Big-name Hollywood flicks get all the money and spotlight, but there are other films out there that deserve more exposure and financial success. Here is a look at some of the top independent films from around the world that are certainly worth checking out.
Written and directed by Danish independent film genius, Lars von Trier (“Dancer in the Dark,” “Melancholia”), this is the story of trust, abuse, redemption, and retaliation told in a way that defies the traditional filmmaker. The entire movie is set on a soundstage with chalk outlines for things like homes, business, doghouses, and even the dog. There are very few props and even less actual structures throughout the entirety of the movie.
Set in the 1930s, a woman (Nicole Kidman) on the run from her mob boss father (James Caan). She finds herself in a small Colorado town, where she is reluctantly accepted, and then systematically abused and taken advantage of by the residents of this small town.
In English, “Dogville” co-stars Lauren Becall, Paul Bettany, Patricia Clarkson, Jean-Marc Barr, and Philip Baker Hall. You have never seen a film like this, you’ll never see another one like it, and you’ll be absorbed in this story until the very end.
“Dear Wendy” (2004)
Danish director Thomas Vinterberg (“The Hunt,” “Submarino”) takes viewers through an interesting and well-told story in “Dear Wendy” that keeps us wondering about the meaning of the film throughout most of its 105 minutes.
“Dear Wendy” tells the story of a group of pacifist teens who own and name their guns. The group of teens, who call themselves the Dandies and are led by Dick Dandelion (Jamie Bell), have respect for the power, history, and mechanics of the weapons. They learn to use, clean, disassemble and reassemble, and shoot them with skill and expertise.
The final 20 minutes of the film are intense, include some graphic gun violence, and is very unexpected. The payoff for viewers is huge and very satisfying.

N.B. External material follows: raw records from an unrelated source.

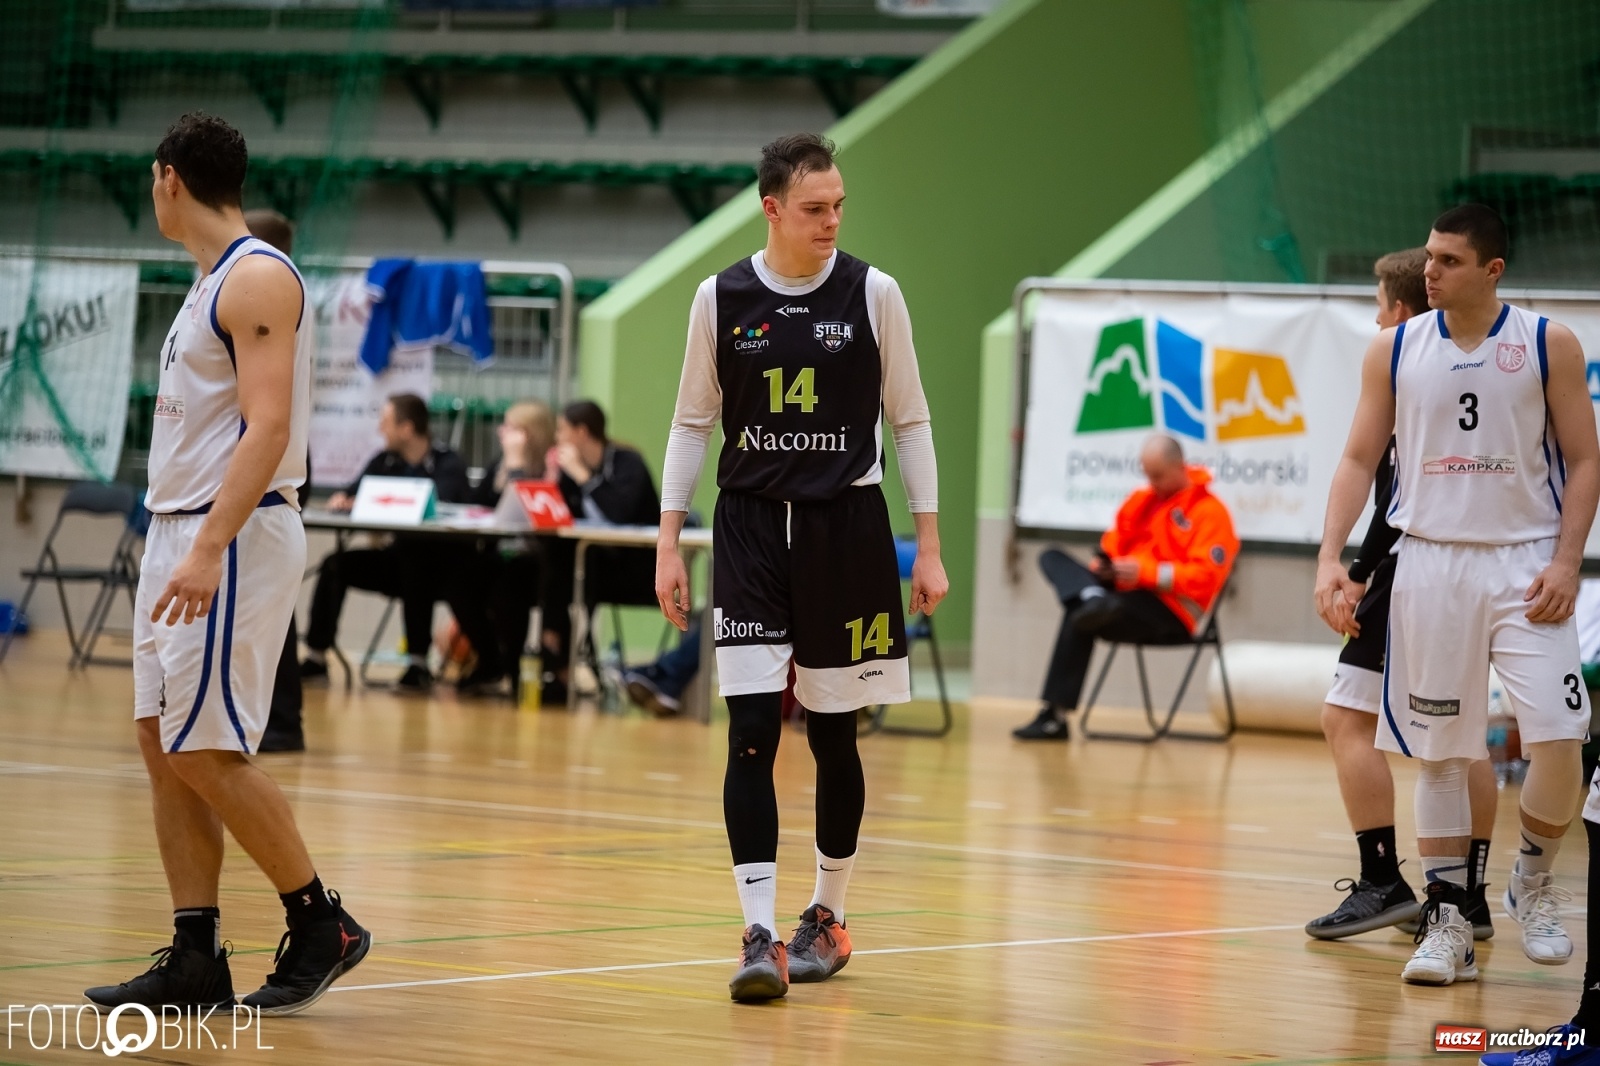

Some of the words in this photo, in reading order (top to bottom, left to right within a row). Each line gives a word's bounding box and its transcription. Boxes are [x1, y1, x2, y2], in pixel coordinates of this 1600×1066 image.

[734, 339, 769, 350] Cieszyn
[815, 324, 852, 339] STELA
[763, 367, 818, 413] 14
[1458, 392, 1479, 431] 3
[742, 425, 848, 451] Nacomi
[1447, 462, 1504, 472] KAMPKA
[845, 613, 894, 661] 14
[1563, 673, 1582, 710] 3

The cast includes Allison Pill, Bill Pullman, Novella Nelson, Michael Angarano, Mark Webber, and Chris Owen. It’s not like anything you’re expecting, so watching it without any preconceived notions is an excellent idea.

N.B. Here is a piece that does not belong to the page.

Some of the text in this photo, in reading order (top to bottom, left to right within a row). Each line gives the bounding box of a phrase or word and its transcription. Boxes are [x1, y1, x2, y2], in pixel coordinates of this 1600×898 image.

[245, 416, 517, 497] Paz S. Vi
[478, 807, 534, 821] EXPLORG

Sometimes referred to as “Intact,” this Spanish-language film delivers a powerful tale of fate and destiny. Each of the four primary characters—Tomas, Federico, Sam, and Sara—are sole survivors of various calamities that claimed the lives of many of their friends and family members.
For much of the first act of the film, viewers can get a little confused about what’s happening because of the lack of context for what’s taking place. As the film progresses, we learn it’s a game of wits inside a casino between Tomas and Federico (Leonardo Sbaraglia and Eusebio Poncela), and Samuel (Max von Sydow).
Mostly in Spanish, with English subtitles, additional supporting actors include Monica Lopez, Guillermo Toledo, and Antonio Dechent.
“Dot the I” (2003)
Gael Garcia Bernal (“The Motorcycle Diaries,” “Letters to Juliet”) leads an excellent cast in writer/director Matthew Parkhill’s romantic thriller, “Dot the I.”
This is not your typical love triangle. Carmen (Natalia Verbeke), a beautiful Spanish woman who’s set to be married to rich-but-boring Englishman Barnaby (James D’Arcy), has a life-altering evening on the town when she meets Kit Winter (Bernal), who sparks a passion inside her she didn’t know was there. Even as her wedding day approaches, Carmen cannot escape her feelings for Kit.
Expertly directed by Parkhill (“The Caller”) and perfectly cast, the actors do a superb job with the twists and turns of this thriller. A little different than the rest of the romantic-thriller genre, give this film a shot and you’ll be pleased with the outcome.
“Run Lola Run” (1998)
This little German gem (with English subtitles) replays the events of Lola (Franka Potente) and Manni (Moritz Bleibtreu) in three separate segments, each told from a different point of view.
Manni, a low-life drug dealer, has lost a bag of cash that belongs to a violent drug dealer. Manni is in a panic and he calls Lola who starts running to him, literally, and she formulates a plan along the way.
This is a high-action, intense film told in an interesting way. Director Tom Tykwer (“Cloud Atlas,” “The International”) gets great performances out of both Potente (“The Bourne” series, “Eichmann”) and Bleibtreu (“The Experiment,” The Baader Meinhof Complex”).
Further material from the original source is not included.